The Virgin Suicides
July 19th, 2018

The Virgin Suicides [2000]


Please join Cultivate Cinema Circle and Hallwalls Contemporary Arts Center as we showcase the debut features of some of today’s modern visionary filmmakers with a year-long series dubbed Women Direct. Our fifth selection is Sofia Coppola’s The Virgin Suicides [2000] with an introduction by Nichols High School’s Classic Movie Night curator Andrea Mancuso.

  • Screening Date: Thursday, July 19th, 2018 | 7:00pm
  • Venue: Hallwalls Contemporary Arts Center
  • Specifications: 2000 / 97 minutes / English / Color
  • Director(s): Sofia Coppola
  • Print: Supplied by Swank
  • Tickets: $8 general, $6 students & seniors, $5 members

Event Sponsors:

Venue Information:

341 Delaware Ave, Buffalo, NY 14202


TrailerSynopsisDirector BioLinks

Courtesy of Turner Classic Movies:

On the surface the Lisbons appear to be a normal 1970s family living in a middle-class Michigan suburb. Mr. Lisbon is a quirky math teacher, his wife is a strictly religious mother of five attractive teenage daughters who catch the eyes of the neighborhood boys. However, when 13-year-old Cecilia commits suicide, the family spirals downward into a creepy state of isolation and the remaining girls are quarantined from social interaction (particularly from the opposite sex) by their zealously protective mother. But the strategy backfires, their seclusion makes the girls even more intriguing to the obsessed boys who will go to absurd lengths for a taste of the forbidden fruit.

Tidbits:

  • Cannes Film Festival – 1999 – Directors’ Fortnight
  • Sundance Film Festival – 2000
Photo: WARNAND/EPA/REX/Shutterstock

“Perhaps it makes sense that a woman whose earliest memory was on the set of Apocalypse Now would grow up to direct a dark fable about five adolescent girls who unapologetically and unceremoniously kill themselves…”

Courtesy of The Beguiled‘s press notes:

Sofia Coppola grew up in Northern California. After doing costume design on two feature films, she studied Fine Art at California Institute of the Arts.

She then wrote and directed the short film Lick the Star (which world-premiered at the Venice International Film Festival), followed by the feature The Virgin Suicides. Ms. Coppola wrote the screenplay for the latter film, adapting it from Pulitzer Prize winner Jeffrey Eugenides’ novel of the same name. The movie starred Kirsten Dunst, Josh Hartnett, James Woods, and Kathleen Turner. A world premiere at the Cannes International Film Festival, The Virgin Suicides subsequently earned her the MTV Movie Award for Best New Filmmaker.
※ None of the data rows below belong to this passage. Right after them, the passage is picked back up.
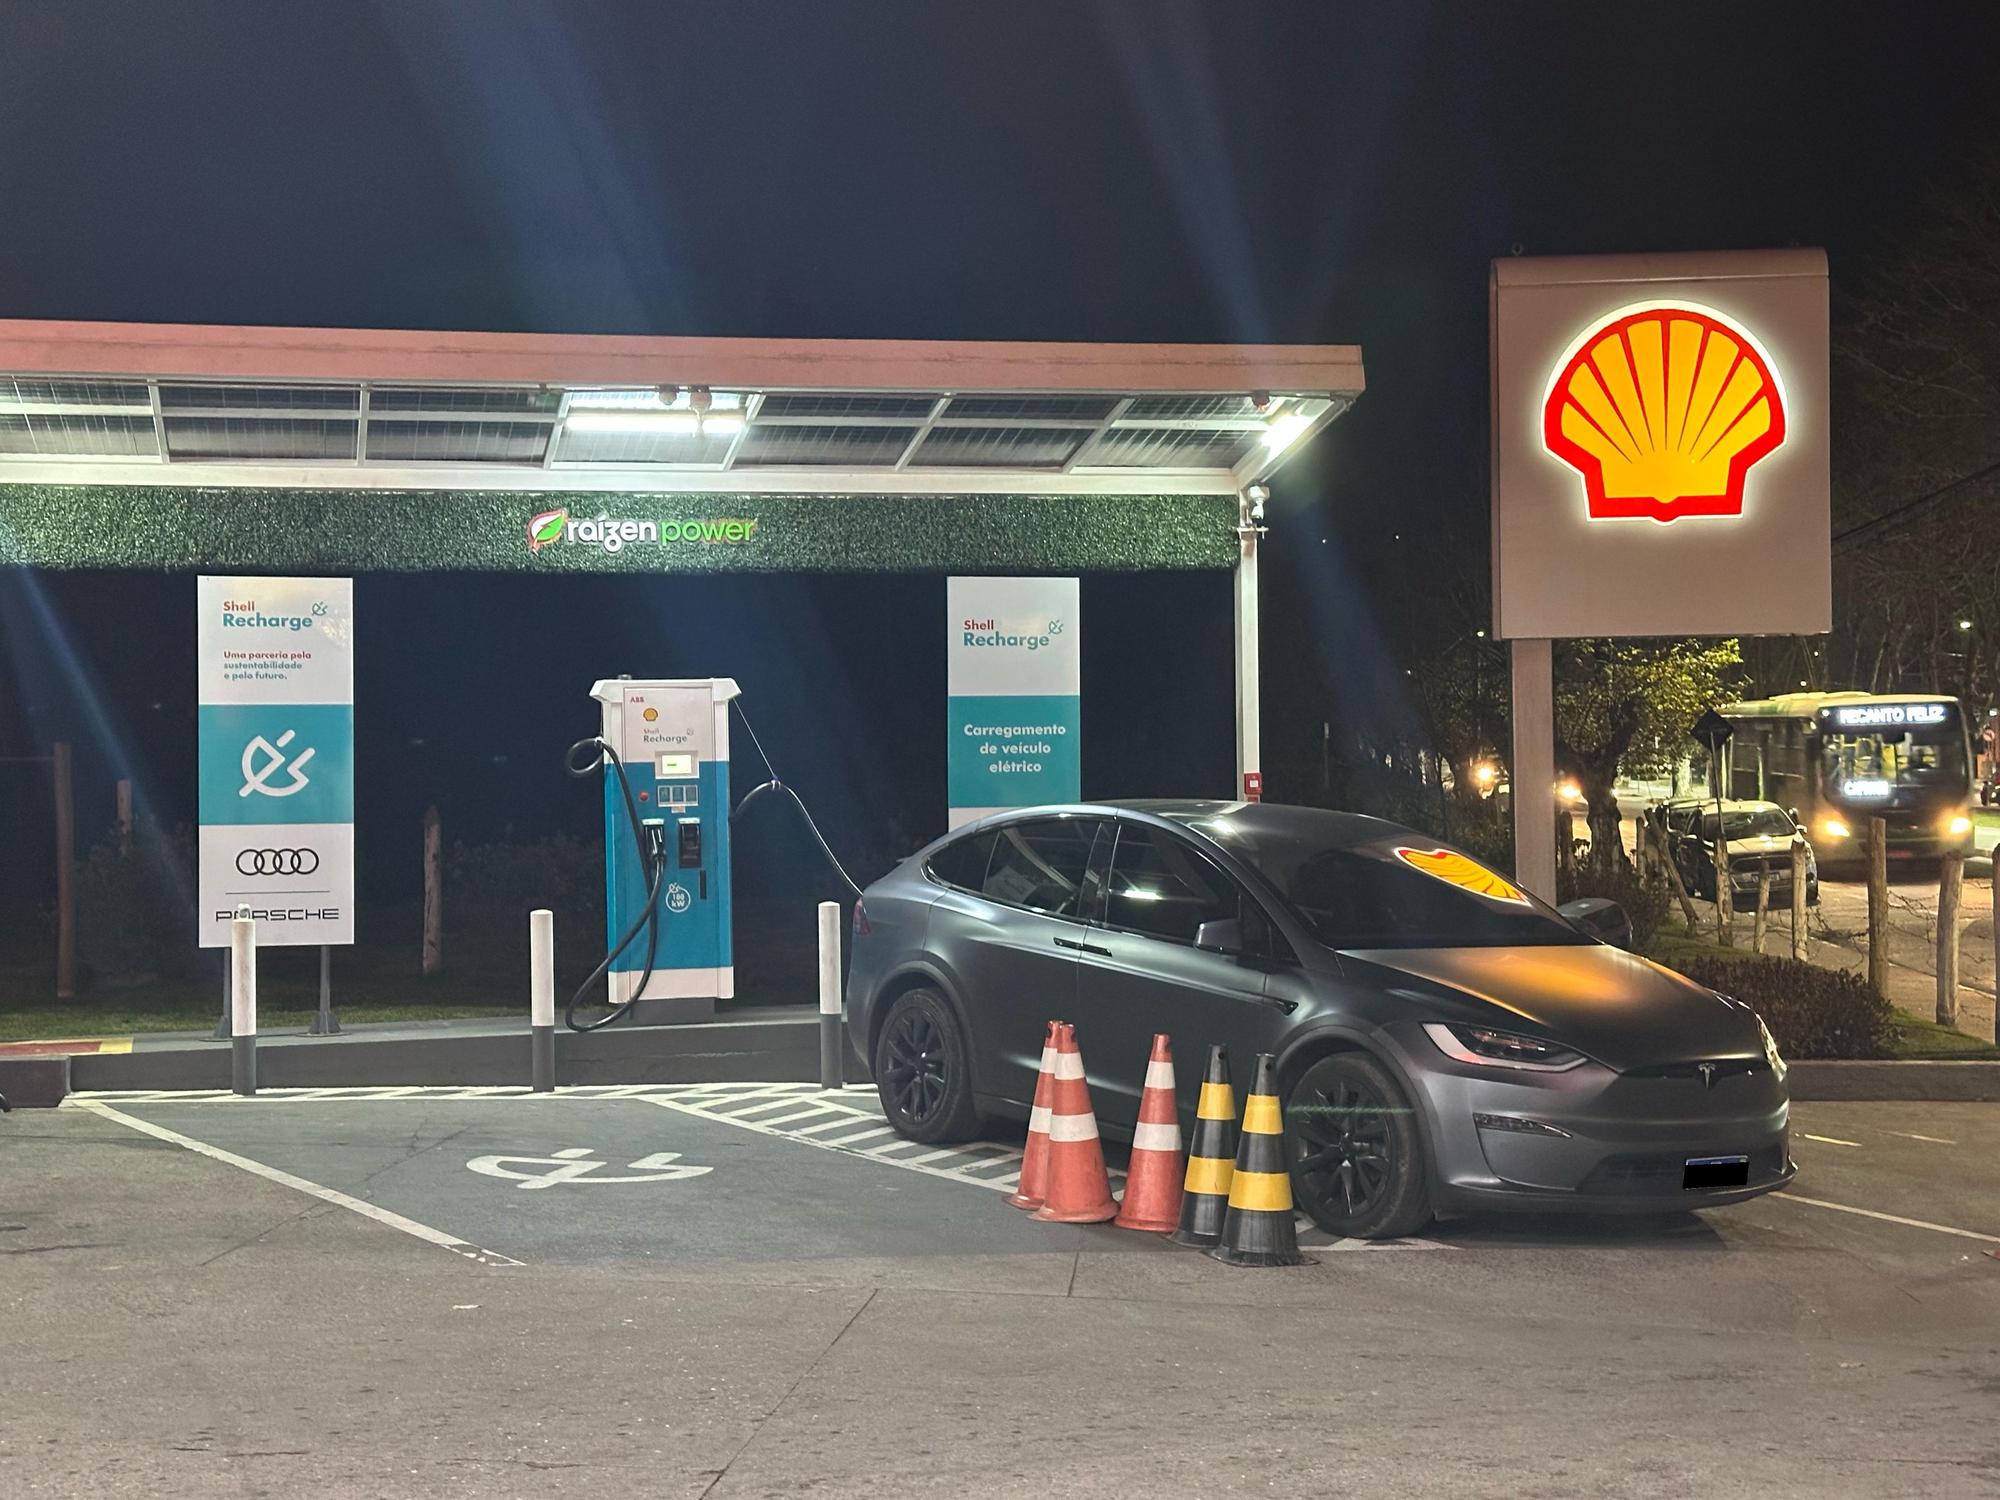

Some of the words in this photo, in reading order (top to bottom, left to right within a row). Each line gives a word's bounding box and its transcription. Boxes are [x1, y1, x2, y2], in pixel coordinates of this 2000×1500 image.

[567, 513, 657, 552] raízen
[661, 520, 754, 546] power
[223, 600, 255, 612] Shell
[223, 612, 313, 631] Recharge
[964, 619, 994, 630] Shell
[963, 631, 1049, 650] Recharge
[223, 651, 247, 659] Uma
[249, 651, 288, 661] parceria
[290, 651, 312, 661] pela
[224, 661, 303, 670] sustentabilidade
[224, 672, 230, 680] e
[232, 671, 254, 681] pelo
[255, 671, 288, 681] futuro.
[964, 724, 1066, 738] Carregamento
[643, 734, 688, 744] Recharge
[980, 742, 998, 754] de
[1002, 741, 1051, 754] veículo
[989, 760, 1042, 773] elétrico
Ms. Coppola’s next film, Lost in Translation, was her first with Focus Features, and screened at the Toronto, Venice, and Telluride Film Festivals. The movie brought her the Academy Award for Best Original Screenplay as well as Academy Award nominations for Best Director and Best Picture (in her capacity as producer). Lost in Translation stars Bill Murray and Scarlett Johansson won BAFTA Awards for Best Actor and Best Actress, respectively, among many other honors that the cast and crew received worldwide.

Her third feature as writer/director, Marie Antoinette, was based in part on Antonia Fraser’s biography Marie Antoinette: The Journey, and world-premiered at the Cannes International Film Festival. The movie, which Ms. Coppola also produced, starred Kirsten Dunst in the title role. The film’s costume designer, Milena Canonero, won an Academy Award for her work on the picture.
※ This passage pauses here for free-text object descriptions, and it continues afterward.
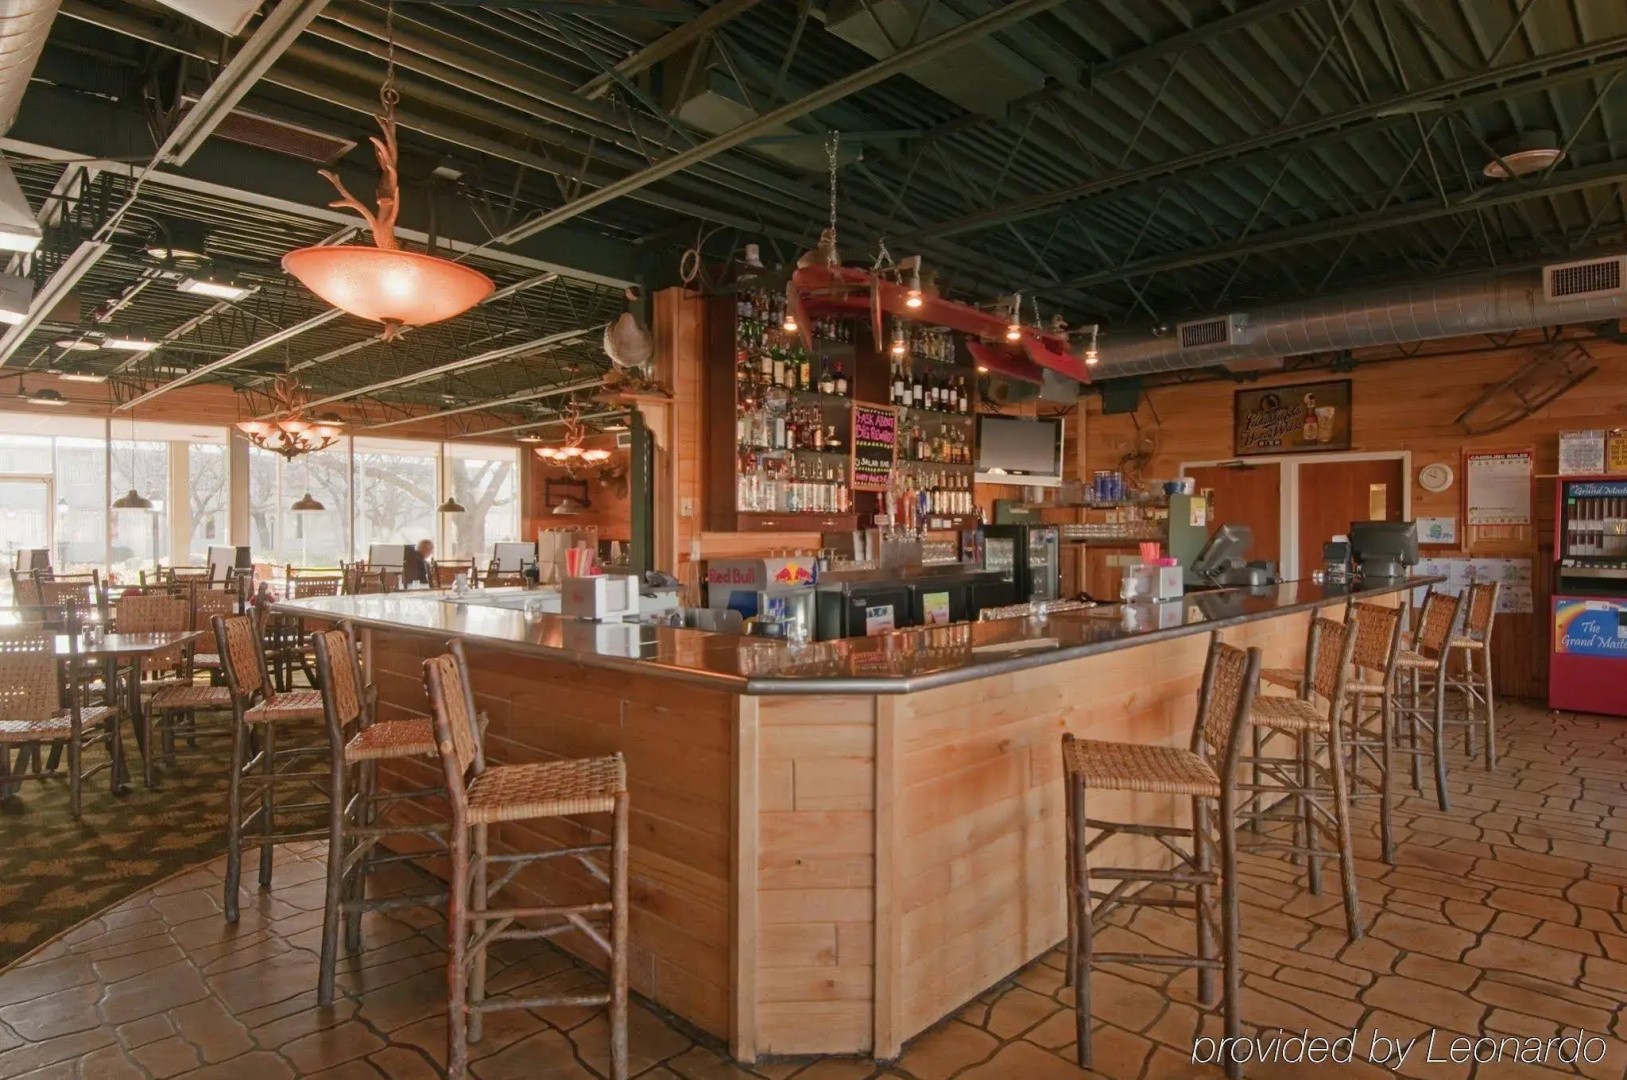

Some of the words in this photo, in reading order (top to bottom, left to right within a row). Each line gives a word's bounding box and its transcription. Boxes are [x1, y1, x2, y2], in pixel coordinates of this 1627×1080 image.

[1574, 485, 1603, 496] Grand
[708, 567, 731, 584] Red
[733, 567, 755, 584] Bull
[1581, 620, 1601, 633] The
[1561, 634, 1597, 647] Grand
She then wrote and directed and produced Somewhere, her second movie with Focus Features. The movie starred Stephen Dorff and Elle Fanning, who received a Critics’ Choice Award nomination for her performance. In its world premiere at the 2010 Venice International Film Festival, Somewhere won the Festival’s top prize, the Golden Lion Award for Best Picture. Ms. Coppola was honored with a Special Filmmaking Achievement Award from the National Board of Review.

Her next feature as writer/director/producer was The Bling Ring, which she based on Nancy Jo Sales’ Vanity Fair article “The Suspect Wore Louboutins.” The movie world-premiered at the Cannes International Film Festival, and Ms. Coppola was honored at Women In Film’s Lucy Awards with its Dorothy Arzner Award for Directing.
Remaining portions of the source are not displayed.